Goodness. Half the world. Half the world with the potential to hear Guns’n’Roses
Sweet Child of Mine emanate from a tiny gizmo every time someone else
is trying to speak to them. The possibilities are endless…

Ironically, this news comes on the day that after 12 years with the same mobile phone number (I was carefully presented with a brick of a Nokia at the tender age of 17 as I hurtled back and forth from London to Cornwall every weekend in my 10 year old Polo) I had to change my number due to a recent abundance of malicious texts. And that’s the problem with everything fantastic – there’s always a downside.

Which got me to thinking - do I really need to be available 24/7 to anyone who happens to have picked my number up along the way? Do I really need the constant finger-ache and ear-ache of night and day communication? I bet there is the odd person out there in the county who has still refused the technology which interrupts, costs, and keeps tabs on you. A bit like those who have managed to hold Facebook at bay - I am in awe of these people.

I’m even jealous of people who own one, but rarely use it. My mum was a great example of this when, a few years ago, she actually DID break down in her car and her trusty old pay-as-you-(don’t)-go failed to work. On closer inspection by the network provider, her SIM had actually malfunctioned because it had become dusty. Imagine.
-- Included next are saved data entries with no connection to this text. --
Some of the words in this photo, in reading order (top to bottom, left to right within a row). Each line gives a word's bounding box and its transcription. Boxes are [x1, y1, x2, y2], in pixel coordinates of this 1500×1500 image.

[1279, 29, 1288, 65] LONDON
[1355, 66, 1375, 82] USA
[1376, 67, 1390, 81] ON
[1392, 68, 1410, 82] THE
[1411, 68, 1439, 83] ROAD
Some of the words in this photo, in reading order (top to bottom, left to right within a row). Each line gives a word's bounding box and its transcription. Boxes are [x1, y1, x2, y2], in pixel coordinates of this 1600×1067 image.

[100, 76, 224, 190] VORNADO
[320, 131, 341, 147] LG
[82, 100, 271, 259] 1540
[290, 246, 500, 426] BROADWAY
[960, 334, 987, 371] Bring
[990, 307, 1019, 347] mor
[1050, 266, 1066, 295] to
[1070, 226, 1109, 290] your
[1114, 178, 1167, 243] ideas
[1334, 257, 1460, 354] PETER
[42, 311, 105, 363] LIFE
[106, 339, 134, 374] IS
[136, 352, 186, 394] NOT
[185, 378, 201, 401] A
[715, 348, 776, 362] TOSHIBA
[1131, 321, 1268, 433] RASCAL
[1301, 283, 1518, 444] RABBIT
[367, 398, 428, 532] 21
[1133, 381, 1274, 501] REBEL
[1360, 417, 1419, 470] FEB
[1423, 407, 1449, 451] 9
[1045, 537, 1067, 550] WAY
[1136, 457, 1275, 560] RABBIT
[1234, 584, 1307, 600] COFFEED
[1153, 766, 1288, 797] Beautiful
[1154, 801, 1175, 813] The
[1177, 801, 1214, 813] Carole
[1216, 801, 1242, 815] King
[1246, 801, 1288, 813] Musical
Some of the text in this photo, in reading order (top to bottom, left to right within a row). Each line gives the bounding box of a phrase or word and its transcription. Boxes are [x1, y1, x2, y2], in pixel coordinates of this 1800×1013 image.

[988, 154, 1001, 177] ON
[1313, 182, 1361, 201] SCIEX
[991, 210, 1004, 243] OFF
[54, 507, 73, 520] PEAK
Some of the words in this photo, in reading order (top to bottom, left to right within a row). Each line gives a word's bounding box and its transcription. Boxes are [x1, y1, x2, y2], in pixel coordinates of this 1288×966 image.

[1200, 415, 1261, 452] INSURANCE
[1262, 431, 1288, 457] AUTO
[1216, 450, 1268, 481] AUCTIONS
Another friend’s parents were asked to text their daughter when they got home safely at the end of a dinner party. About an hour and a half later, she received a text simply with the word 'BACK' shouting out from the tiny screen. As we giggled through tears of amusement, we mused that it probably took them half an hour to compose.

For those of us more frequent users, it’s a double edged sword. Although we are at the cutting edge of technology, bluetooth’ing, wi-fi’ing, video calling and picture messaging all at our very finger tips, it’s also all too easy to fight on text. Too easy to say things you would never say to someone’s face. Too easy to accidentally slip a ‘xx’ on the end of a message to a new love interest and appear ‘too keen’; and too easy to accidentally blurt out inner emotions when you’ve had a few on a Friday night.

It’s a nice thought but I know I’m addicted, and I’m sure I’ll never be able to quit. The ability to stay in touch with my brother by text when he’s in Singapore is priceless, or to catch up with friends when I’m on 5 hour train journeys home blissful. Yes, I am a slave to my mobile, and soon every other person in the world will be.